0

Used Pymupdf faced the problem of getting information about the text in the pdf file I asked in the library's discord channel about the possibility of obtaining information about intervals, but they told me that the library does not know how to work with them Perhaps there are other libraries that can do this?

I tried to look in other libraries but did not find it. Maybe I missed something....

  • Please provide enough code so others can better understand or reproduce the problem. – Community Jan 27 '23 at 08:29
  • 1
    By *character spacing and word spacing* do you mean the values of the PDF text state parameters of that name or do you mean actual distances between characters and words? – mkl Jan 27 '23 at 10:39
  • @mkl im sorry i meant those parameters: line spacing, paragraph spacing, character spacing – user377394 Jan 27 '23 at 11:13
  • 1
    As per PyMuPDF: Before anyone gets a wrong impression: You **_can_** extract text with all desired metadata detail: text position (bbox), font properties, writing direction, etc. All this down to **_each single character_**. **_And all this works for PDF, XPS, EPUB_** and a handful more document types. **Therefore** PDF-specific constructs like word and character spacing are not returned. – Jorj McKie Jan 27 '23 at 13:26
  • 1
    @user377394 - **_Line spacing_** is available in PyMuPDF, because it is a font property, which can be extracted in PyMuPDF. Also inter-line distance is can easily computed from the line boundary boxes. **_Paragraph spacing_** is not even a PDF concept. But paragraph boundary boxes are available in PyMuPDF. – Jorj McKie Jan 27 '23 at 13:34

2 Answers2

0

disclaimer: I am the author of borb, the library used in this answer

Usually, the information you're looking for is hidden behind layers of abstraction. A PDF library might typically allow you to extract text (and it uses information about word and character spacing to do so), but it does not make this information available to the outside world.

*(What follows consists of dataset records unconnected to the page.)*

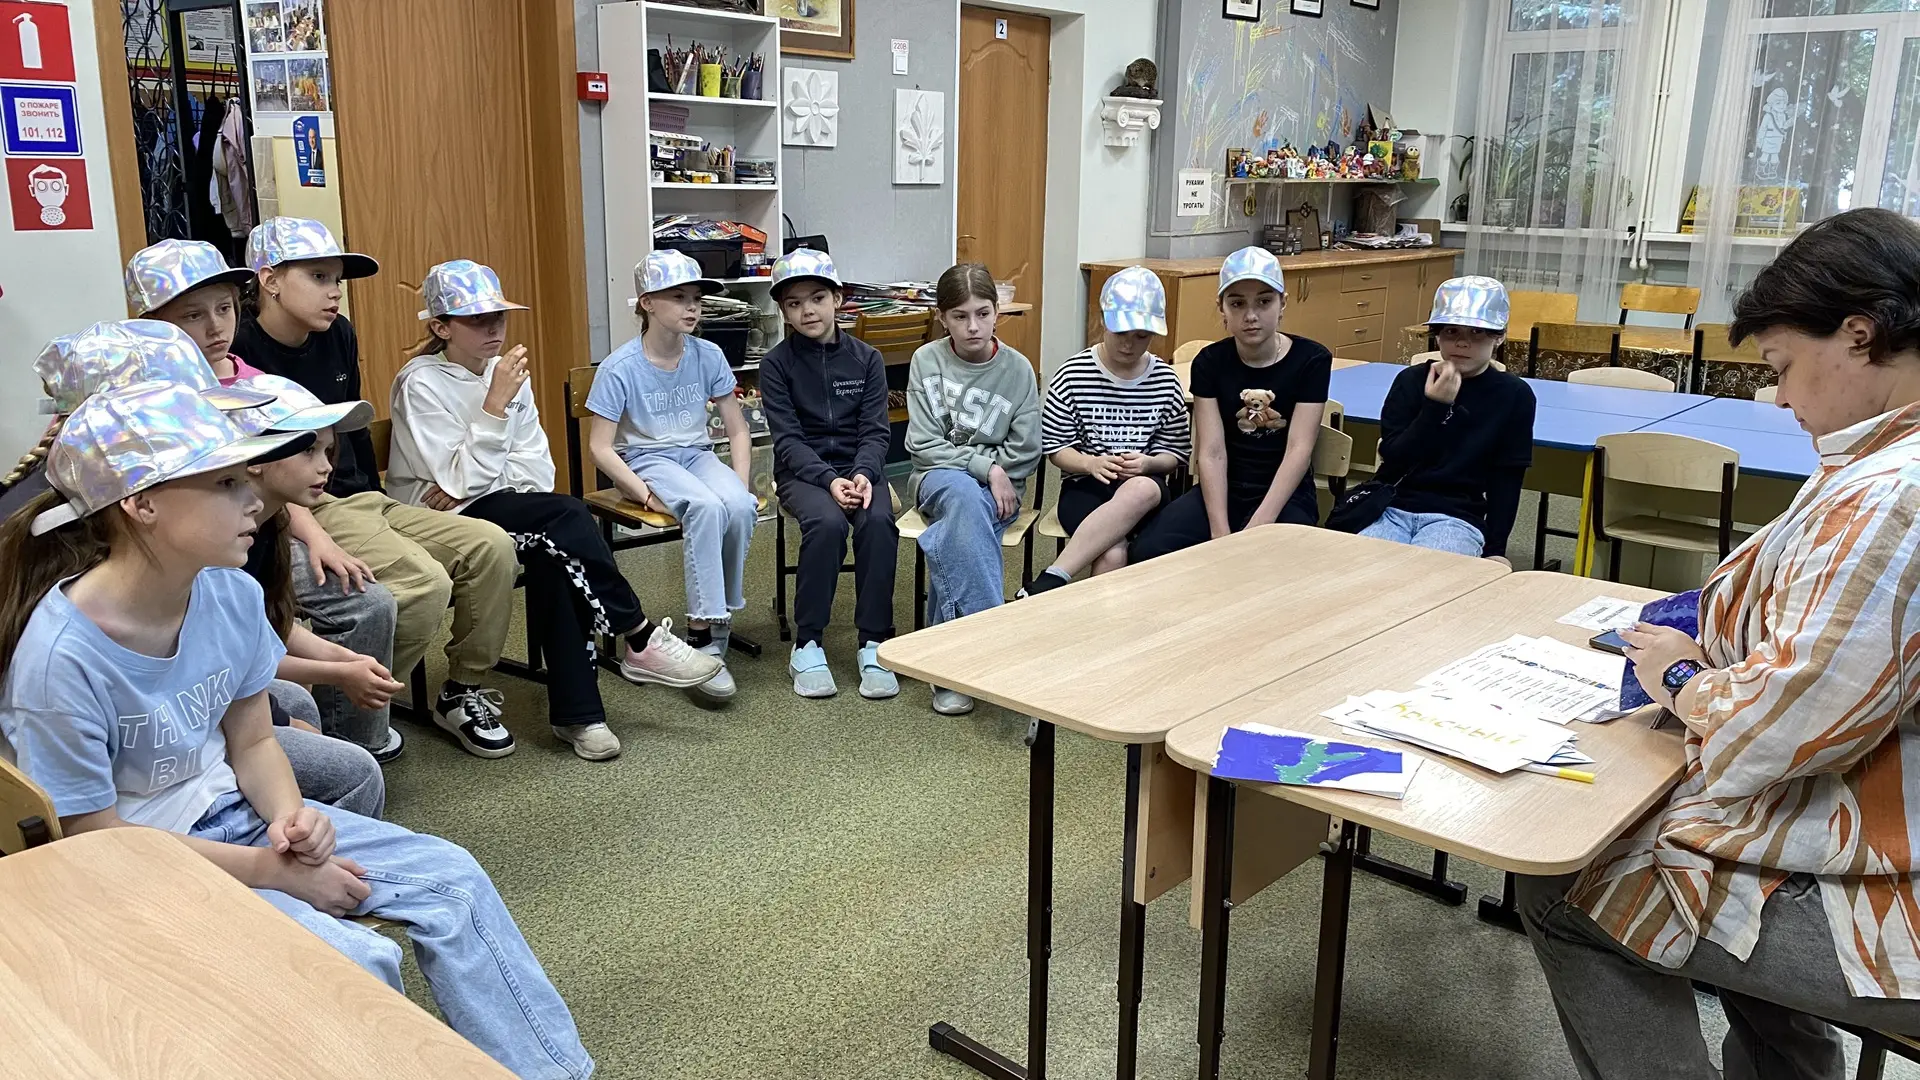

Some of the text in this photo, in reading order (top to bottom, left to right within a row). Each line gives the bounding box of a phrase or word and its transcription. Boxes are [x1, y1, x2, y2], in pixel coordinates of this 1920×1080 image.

[999, 23, 1005, 35] 2
[21, 110, 60, 118] ЗВОНИТЬ
[22, 127, 63, 139] 101, 112
[656, 409, 693, 433] BIG
[1091, 406, 1160, 422] PURE &
[1091, 424, 1148, 442] SIMPL
[147, 747, 198, 793] BI

You can use borb to get access to this (low level) information. The key concept here is EventListener. This is an interface. Classes implementing this interface get notified whenever a rendering event has finished.

Rendering events may include:

  • text being rendered
  • images being rendered
  • switching to a new page and so on

There is a class that extracts text. So I would recommend you check out its code. Looking at line 62, we see that any event that is "render a piece of text" gets redirected to its own separate method.

The method _render_text stores the TextRenderInfo objects until a page has finished rendering (at which point it will use the TextRenderInfo objects to determine the text that was on the page).

You can see the "end of page" logic in action on line 87.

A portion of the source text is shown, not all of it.